Packaging in personal care sector has always had a very special role. The bottle, the tub or the jar makes the product precious, luxurious, an item of desire and an object of display. We may feel guilty about the excess, but it still gives us a sense of luxury and indulgence. And this, after all, is a big part of what personal care is all about. Then there are all the practicalities of preserving the product. Up until now, even many brands who have made their name for natural, organic, fair trade have found the packaging issue just too difficult to tackle.
But while the personal care sector has lagged behind, little by little, change is afoot. Ethical brands, like Body Shop and Toms of Maine, that were snapped up by major multinationals in the noughties act as testing grounds for global strategies.
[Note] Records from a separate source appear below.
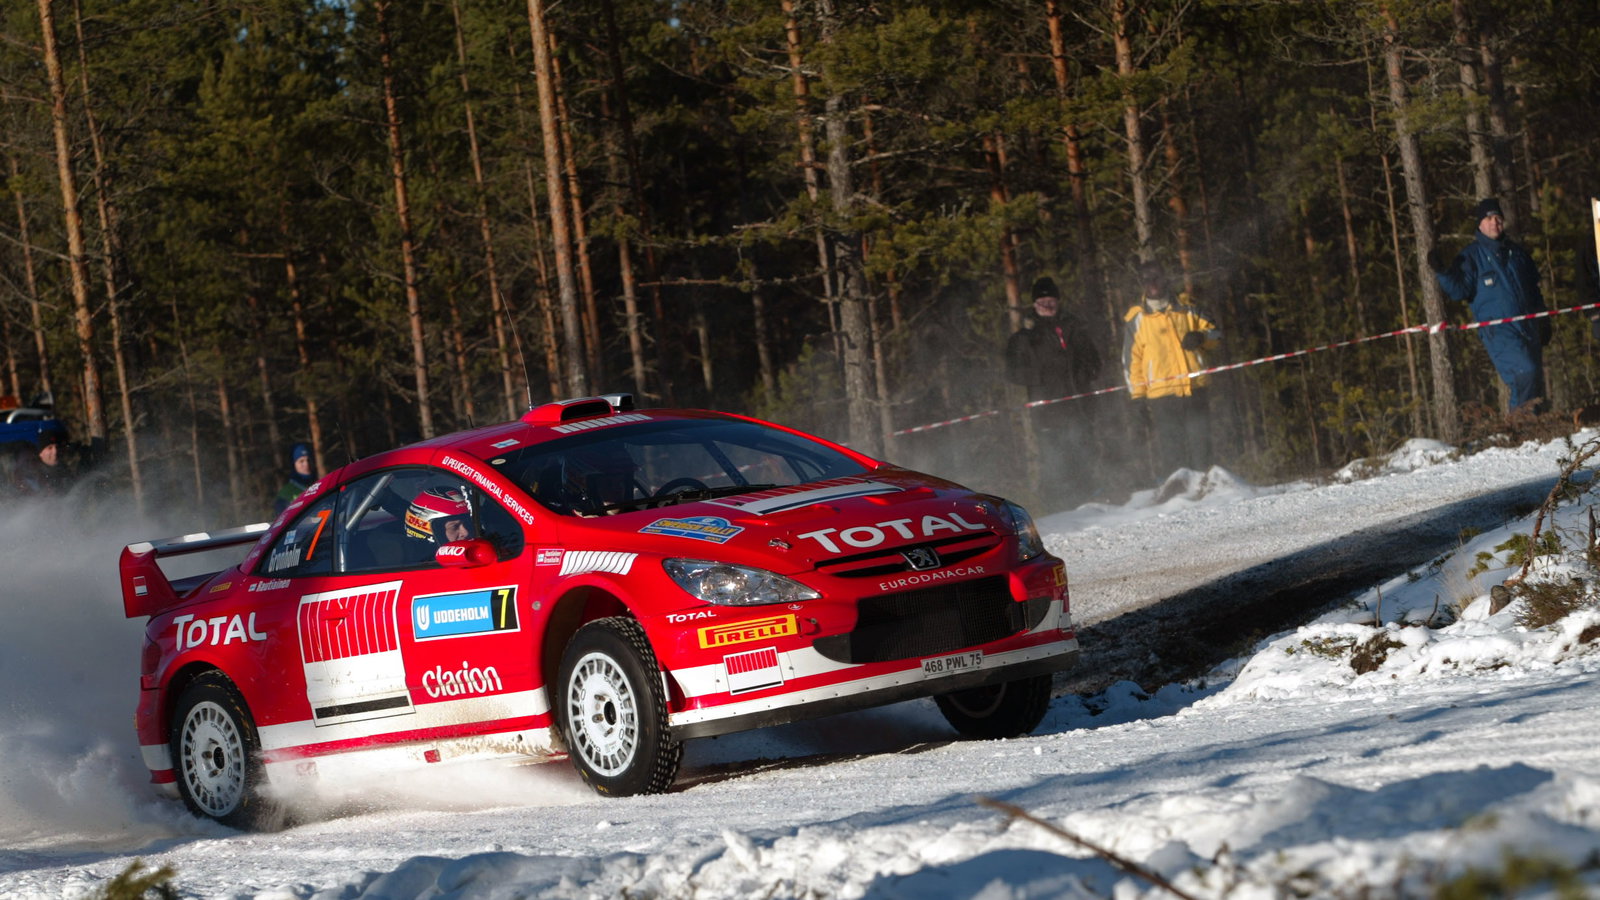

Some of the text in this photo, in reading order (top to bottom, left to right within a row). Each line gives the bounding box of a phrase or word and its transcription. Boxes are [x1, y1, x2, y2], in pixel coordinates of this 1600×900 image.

[447, 457, 475, 477] PEUGEOT
[472, 471, 503, 499] FINANCIAL
[502, 494, 535, 525] SERVICES
[306, 509, 332, 561] 7
[702, 525, 737, 535] RALLY
[797, 512, 987, 554] TOTAL
[879, 565, 986, 592] EURODATACAR
[433, 606, 489, 625] UDDEHOLM
[497, 589, 510, 629] 7
[666, 610, 717, 624] TOTAL
[172, 612, 267, 651] TOTAL
[705, 616, 789, 645] PIRELLI
[924, 652, 982, 673] 468 PWL 75
Pioneers are setting the pace. Aveda’s holistic ‘cradle-to-cradle’ approach shows you can be both sustainable and desirable – at least at the more premium end of the spectrum. In the independent mainstream, Lush has long offered ‘naked’ products with no packaging at all, relying on the appeal of the ingredients to give the products their sense of indulgence.
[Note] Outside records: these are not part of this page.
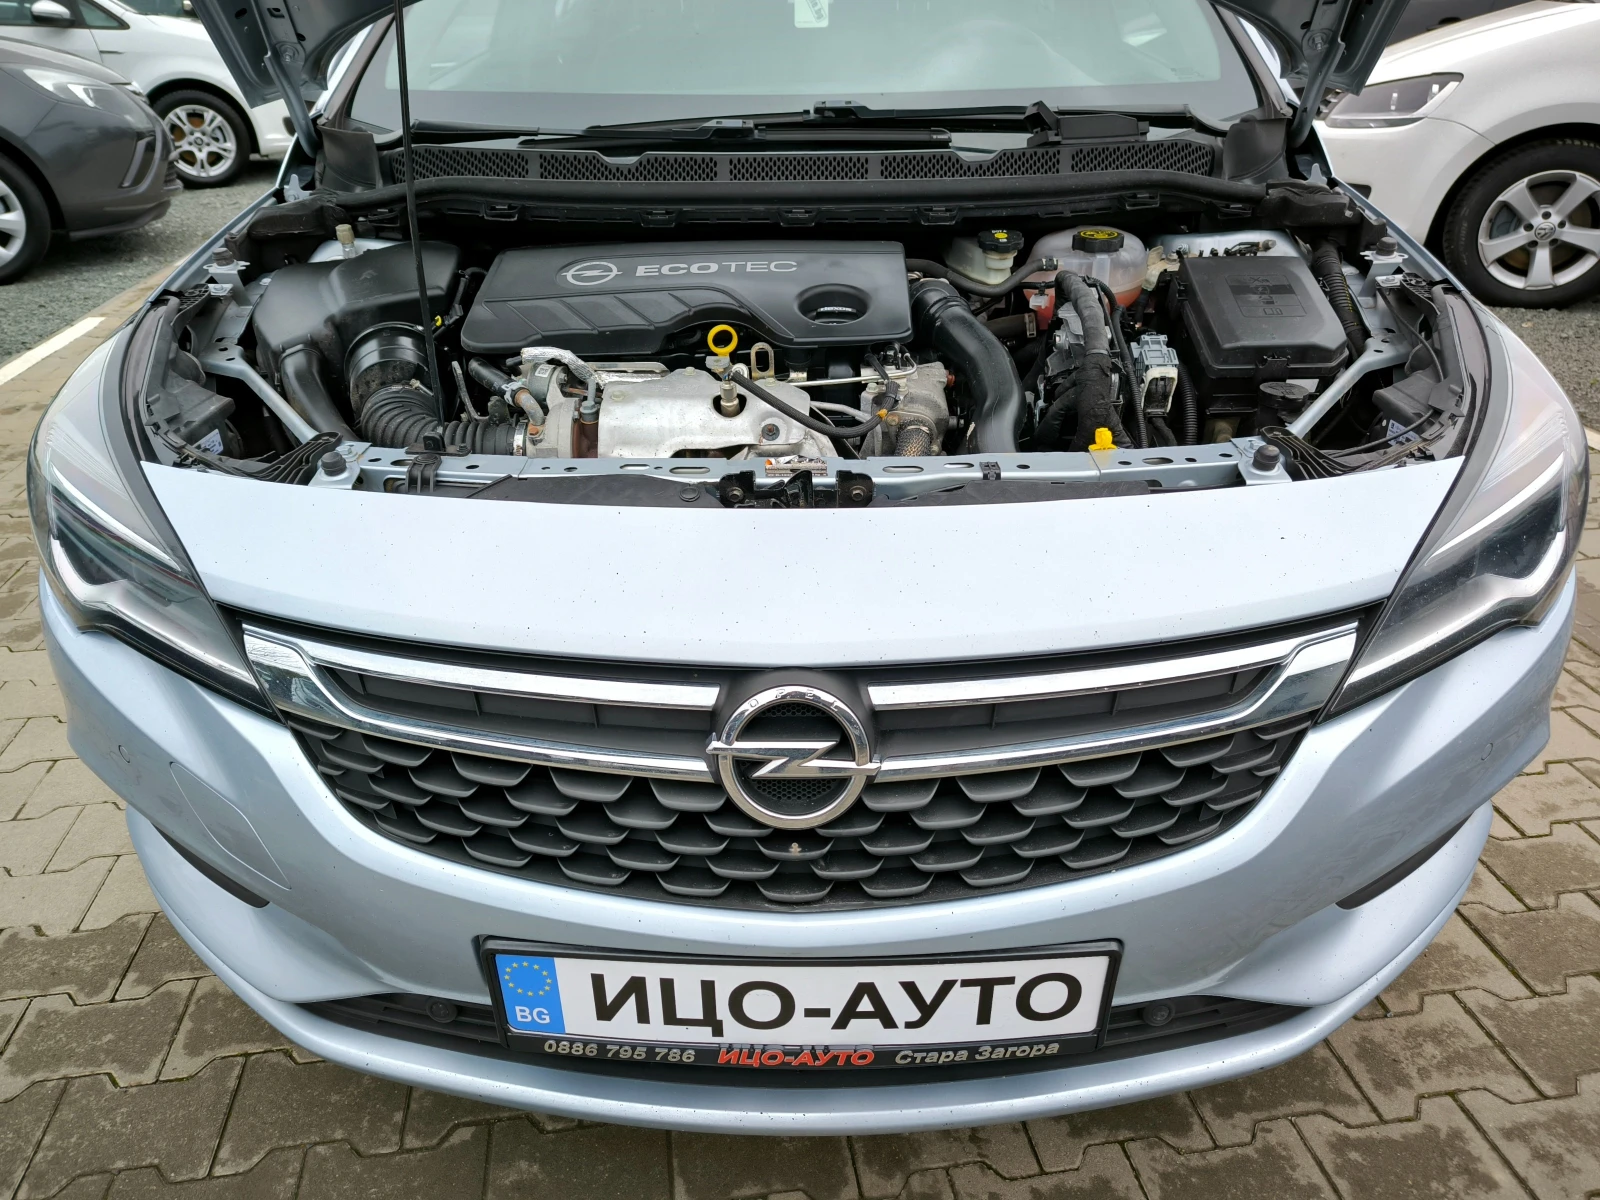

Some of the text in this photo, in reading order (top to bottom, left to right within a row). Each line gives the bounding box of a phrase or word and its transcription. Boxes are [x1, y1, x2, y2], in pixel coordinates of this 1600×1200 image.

[636, 261, 797, 277] ECOTEC
[749, 689, 838, 711] OPEL
[516, 1006, 551, 1024] BG
[591, 973, 1082, 1036] ИЦО-АУТО
[544, 1041, 695, 1062] 0886 795 786
[717, 1046, 874, 1066] ИЦО-АУТО
[896, 1041, 1059, 1066] Стара Загора
Packaging manufacturers are creating new solutions with retainable dispensers and recyclable refills. What once seemed impossible is becoming not only achievable, but a commercially sound decision.
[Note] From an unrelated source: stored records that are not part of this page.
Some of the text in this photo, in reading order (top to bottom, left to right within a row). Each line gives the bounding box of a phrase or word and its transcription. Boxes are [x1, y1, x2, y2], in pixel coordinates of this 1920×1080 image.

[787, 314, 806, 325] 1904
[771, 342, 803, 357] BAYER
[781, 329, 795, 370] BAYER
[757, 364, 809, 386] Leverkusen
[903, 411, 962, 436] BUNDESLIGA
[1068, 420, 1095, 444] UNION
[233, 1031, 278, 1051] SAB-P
But will consumers go for greener beauty and personal care? The indications are that general irritation with packaging waste is spilling over from food where the spotlight has been up until now. They won’t compromise on convenience (only two per cent of customers took advantage of Body Shop’s refilling service in the 90s) and they won’t all buy into utilitarian (gifting is, after all, a huge part of the sector). But, as the imaginative green leaders show, sustainable can be seductive, too.
Times are changing and the pace can only accelerate. The recent purchase of NUDE by LVMH would indicate that the big luxury groups are taking greener beauty ever more seriously at the premium end. And with the big guns of Unilever driving it into the mainstream, it may only be a matter of time before the ‘tub for life’ becomes as everyday as the supermarket reusable carrier.